Massachusetts Town Imposes $20 Fine For Swearing In Public
If you happen to be passing through the town of Middleborough, Massachusetts, you better watch what you say:
A Massachusetts town is crying foul on residents with dirty mouths.
Middleborough, a town of about 20,000 residents in the southeastern corner of the state, voted 183-50 on Monday to empower police officers to issue a $20 fine for cursing in public,The Associated Press reported. As there’s no official list of offending words, tickets are left to the officer’s discretion, Police Chief Bruce Gates said at the town meeting.
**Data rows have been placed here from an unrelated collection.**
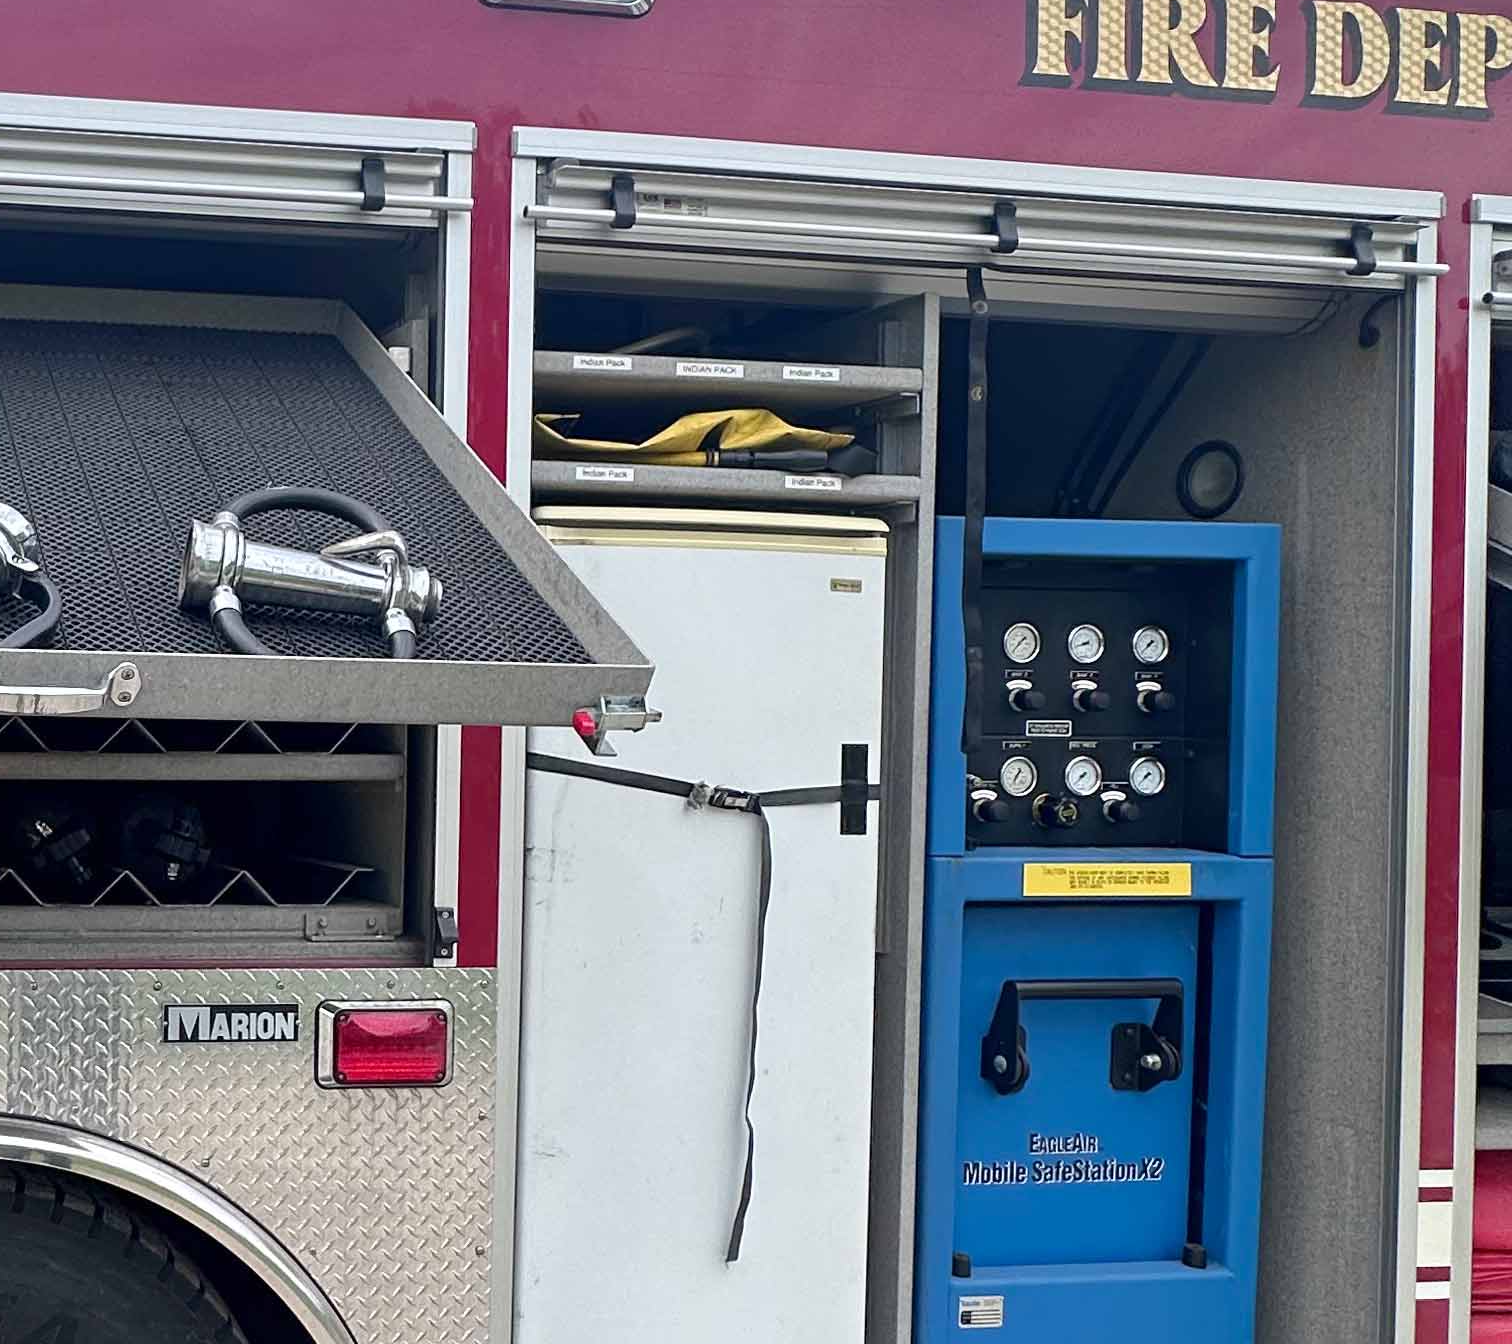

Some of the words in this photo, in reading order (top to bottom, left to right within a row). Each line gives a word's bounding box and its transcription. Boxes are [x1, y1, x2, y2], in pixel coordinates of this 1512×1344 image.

[1301, 0, 1512, 120] DEP
[605, 358, 626, 367] Pack
[682, 365, 712, 374] INDIAN
[714, 366, 737, 375] PACK
[789, 368, 813, 377] Indian
[815, 369, 834, 378] Pack
[608, 469, 628, 478] Pack
[792, 477, 815, 487] Indian
[816, 478, 836, 488] Pack
[167, 1005, 297, 1041] MARION
[963, 1160, 1028, 1186] Mobile
“I don’t see an issue, we have a lot of things to do. This is not a priority,” he said, according toThe Patriot Ledger.
Gates reportedly said that tickets would not be issued when, for instance, someone swore while watching a sporting event or after dropping an ice cream cone. Instead, officials say the ordinance is meant to target teens and youths who swear loudly in public areas, the AP noted.
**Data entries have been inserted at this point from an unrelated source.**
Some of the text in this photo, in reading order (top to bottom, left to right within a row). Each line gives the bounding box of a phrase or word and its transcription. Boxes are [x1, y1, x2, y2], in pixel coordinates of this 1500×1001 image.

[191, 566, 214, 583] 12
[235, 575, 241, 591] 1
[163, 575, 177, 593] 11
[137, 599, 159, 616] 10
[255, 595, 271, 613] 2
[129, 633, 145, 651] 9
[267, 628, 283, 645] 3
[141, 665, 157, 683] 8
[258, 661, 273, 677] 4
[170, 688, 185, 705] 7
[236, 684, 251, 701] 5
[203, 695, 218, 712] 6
This is actually a step back from previous law since there had been a law on the town’s books that criminalized swearing in public, although it has apparently rarely if ever been enforced. It’s not a big deal, as the Police Chief says, but one always does have to be careful about any law that gives so much discretion to police officers. Moreover, wouldn’t the issue of “teens and youths who swear loudly in public areas” be covered under a Disorderly Conduct statute?
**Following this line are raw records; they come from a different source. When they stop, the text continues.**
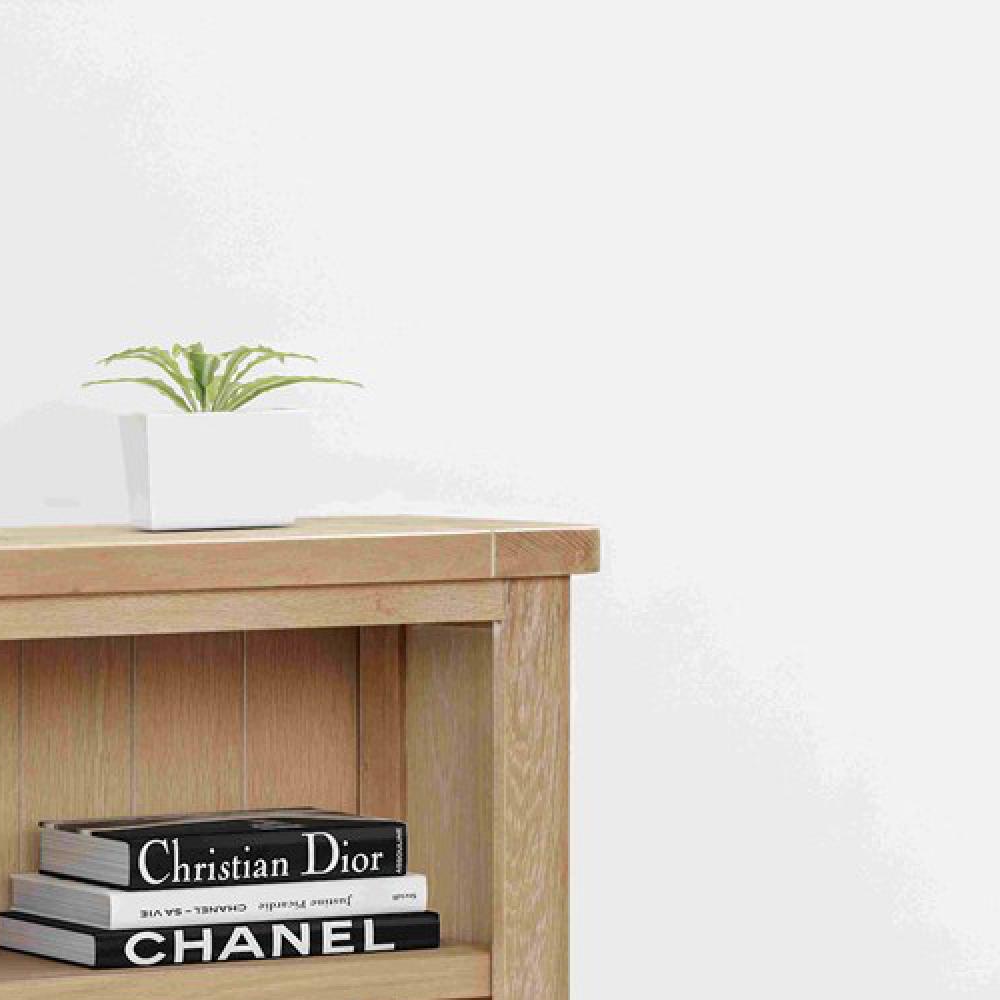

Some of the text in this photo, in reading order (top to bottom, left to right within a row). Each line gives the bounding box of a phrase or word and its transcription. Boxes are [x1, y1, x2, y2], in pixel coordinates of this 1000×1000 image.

[137, 838, 290, 885] Christian
[301, 831, 383, 875] Dior
[257, 899, 307, 912] Picardie
[309, 893, 352, 907] Justine
[139, 908, 162, 918] VIE
[165, 907, 182, 916] SA
[193, 903, 247, 916] CHANEL
[125, 918, 395, 966] CHANEL
As for the legality of a law like this, it may potentially be considered constitutional under the Supreme Court’s ruling in Chaplinsky v. New Hampshire, which upheld a New Hampshire against so-called “fighting words,” but that case is fairly old and there have been dozens of First Amendment cases since then that arguably limit the ability of a government authority to charge someone merely for using a bad word.